Come si definisce un ambiente eccellente di ristorazione? Quando il lavoratore, restaurant manager o lavapiatti che sia, riceve un adeguato stipendio, svolge un’adeguata mansione, si fa carico di adeguate responsabilità.
Pensavo a questo, nei giorni successivi alla trasmissione di Report, causa di un dibattito sugli stagisti e, più in generale, sugli aspiranti futuri cuochi che, pur di lavorare accanto ad un grande chef, sono disposti a farlo gratis.
Lo dico subito: non è giusto! Chiunque lavori ha diritto ad essere retribuito. Questo vale in ogni settore, dove la tendenza, tra praticantato negli ordini professionali o la giustificazione del fare esperienza o diventare famosi stando accanto a…, è invece il contrario.
Che futuro potrà mai avere una società dove il primo vero stipendio arriva alla soglia dei 30/35 anni di vita? Che progetti potrà mai fare un giovane per sé, per la sua futura famiglia, se deve vivere con i 400 euro di un infinito stage retribuito (a volte dopo mesi, altre volte a babbo morto).
Non è giusto, lo ripeto, che si faccia leva sul fatto che siano i ragazzi a proporsi in questa modalità, per giustificare brigate di dieci/venti persone in cucina la cui mansione passa dall’uso delle pinzette per ogni singolo ingrediente nella composizione del piatto alla celebrazione dello chef famoso di turno.
Non ci sono i soldi per pagarli? Non si prendono. I costi di gestione di un ristorante stellato sono insostenibili? Lo si declassi, senza timore di perdere clientela.
Il primo a fare questo gesto fu Tano Martini, nel 1991, che scrisse alla Michelin per far togliere la stella al suo Cigno di Mantova; un gesto coraggioso in quegli anni, per un ristorante celebrato per qualità, servizio, estetica. Ebbene, nessuno di quegli aspetti venne meno, ancor oggi resta uno dei ristoranti del cuore per chi ne varca la soglia. Il risultato di quella richiesta, per Tano Martini, fi una diversa qualità della vita, i conti che tornarono in ordine, una brigata adeguata al bisogno.
Non dico che le guide non siano necessarie (anche se sicuramente non tutte lo sono) perché rappresentano un indicazione, un indirizzo per chi viaggia, soprattutto per uno straniero, ma svolgano appunto quella funzione.
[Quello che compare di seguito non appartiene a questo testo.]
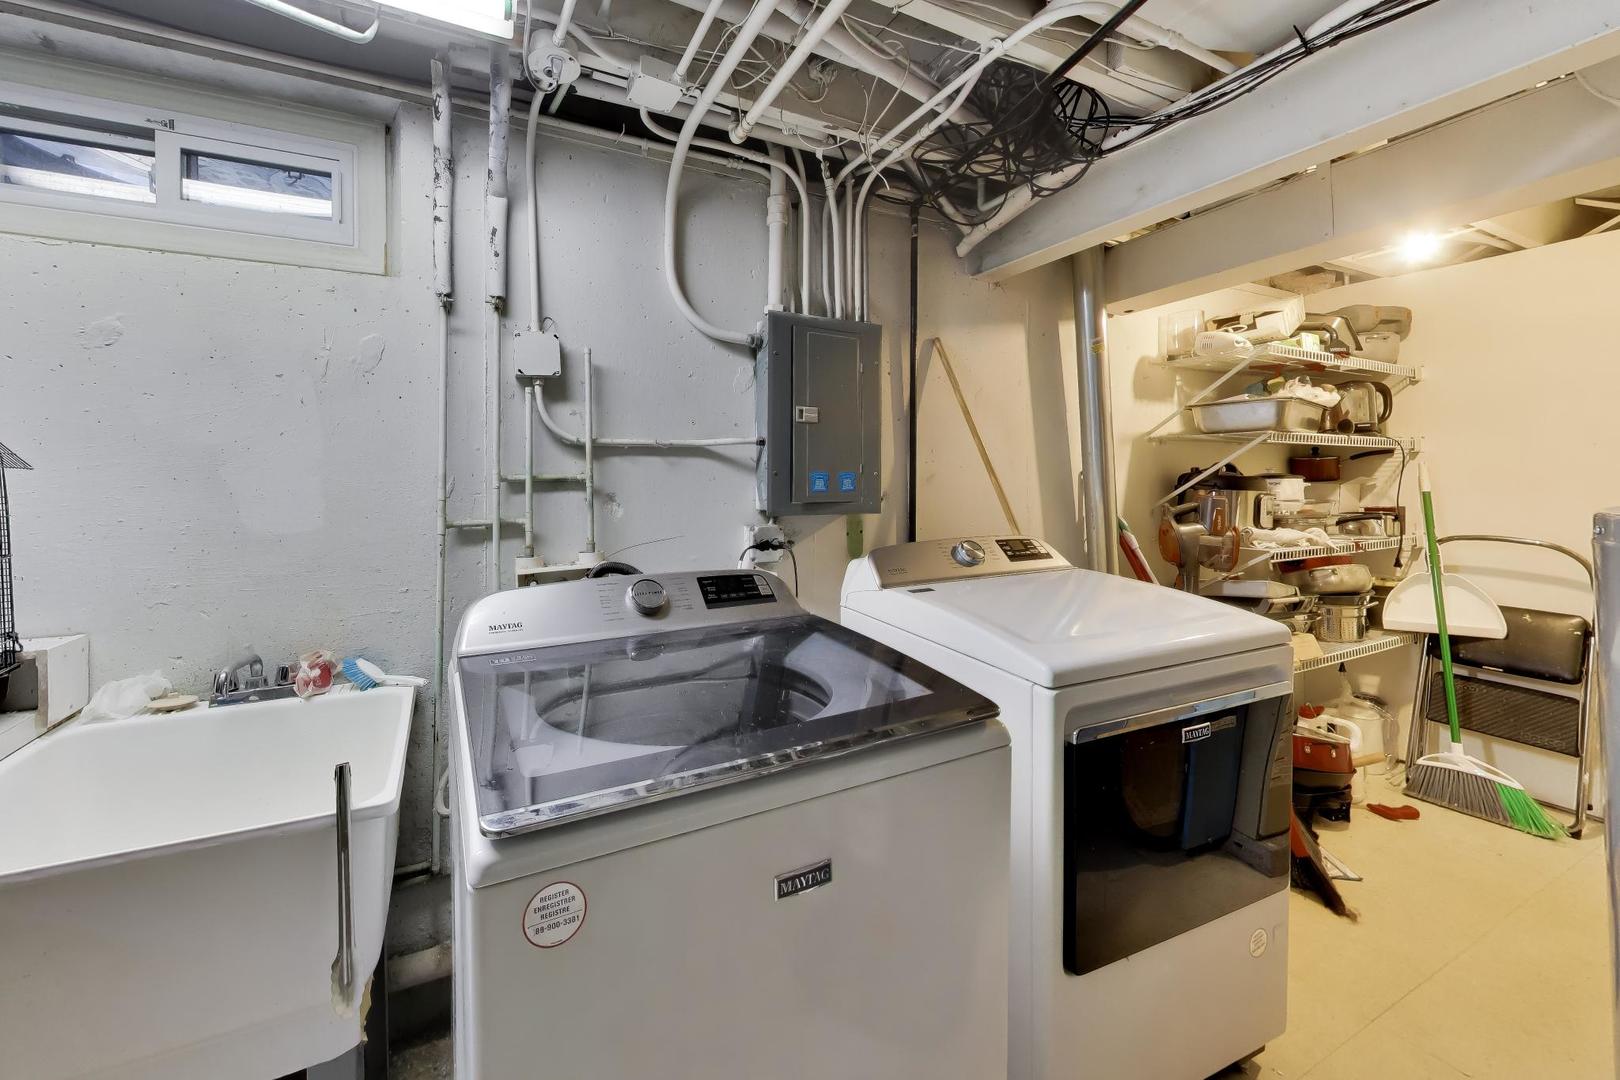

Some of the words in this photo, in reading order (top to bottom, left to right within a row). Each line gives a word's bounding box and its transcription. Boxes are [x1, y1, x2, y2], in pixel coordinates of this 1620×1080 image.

[488, 621, 523, 632] MAYTAG
[1186, 727, 1209, 740] MAYTAG
[780, 868, 830, 895] MAYTAG
[539, 889, 570, 904] REGISTER
[533, 895, 577, 914] ENREGISTRER
[540, 906, 570, 921] REGISTRE
E forse si ridurranno anche le emulazioni digitali, dove tutti ormai si ergono a critici e recensori.
E, altrettanto, si imparerà una corretta gestione del bilancio economico-finanziario dell’impresa ristorativa, piccola o grande che sia, che ancor oggi rappresenta il grande buco nero di questo settore. E dietro ad un bilancio corretto si svilupperà una buona organizzazione del ristorante, con i ruoli gerarchici ben definiti, con la capacità di individuare le qualità delle persone che approcciano a questo mestiere dove la passione domina su tutto.
L’equità nel trattamento economico, il rispetto per i dipendenti e la consapevolezza che esiste una vita privata a cui far fronte ogni giorno, la credibilità nel mantenere una visione con coerenza, l’orgoglio nel lavoro di squadra; questi, ci piacerebbe, che fossero i parametri di valutazione e di giudizio da parte dei recensori, professionisti e non, che si vanno ad integrare con la qualità dei piatti e del servizio.
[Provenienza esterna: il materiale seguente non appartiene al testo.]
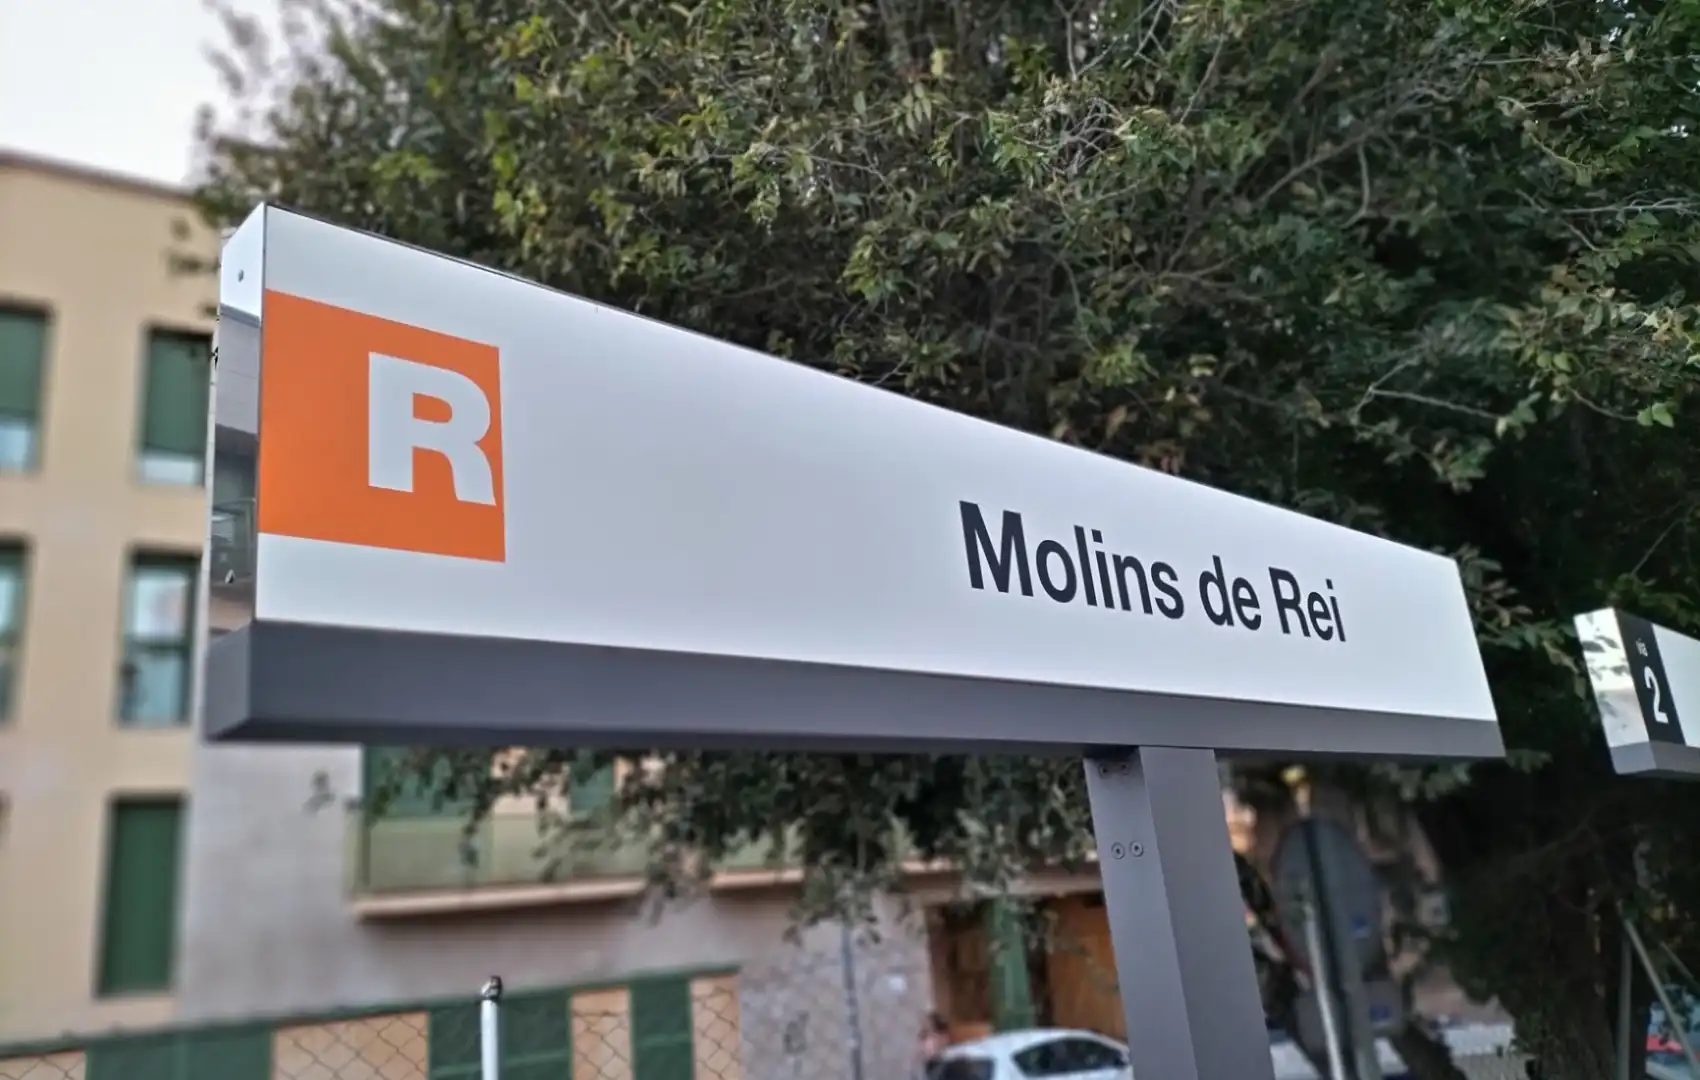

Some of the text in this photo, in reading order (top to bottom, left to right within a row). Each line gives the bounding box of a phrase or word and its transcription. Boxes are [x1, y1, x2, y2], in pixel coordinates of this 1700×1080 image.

La domanda da porsi sempre è: quando e come si diventa un ristorante diventa impresa? Quando il titolare, i suoi famigliari impegnati nella gestione, tutti i suoi dipendenti riescono a darsi uno stipendio regolare e congruo ogni mese. Altrimenti è un’altra cosa, destinata a durare poco nonostante la temporanea celebrità conferita dalle guide.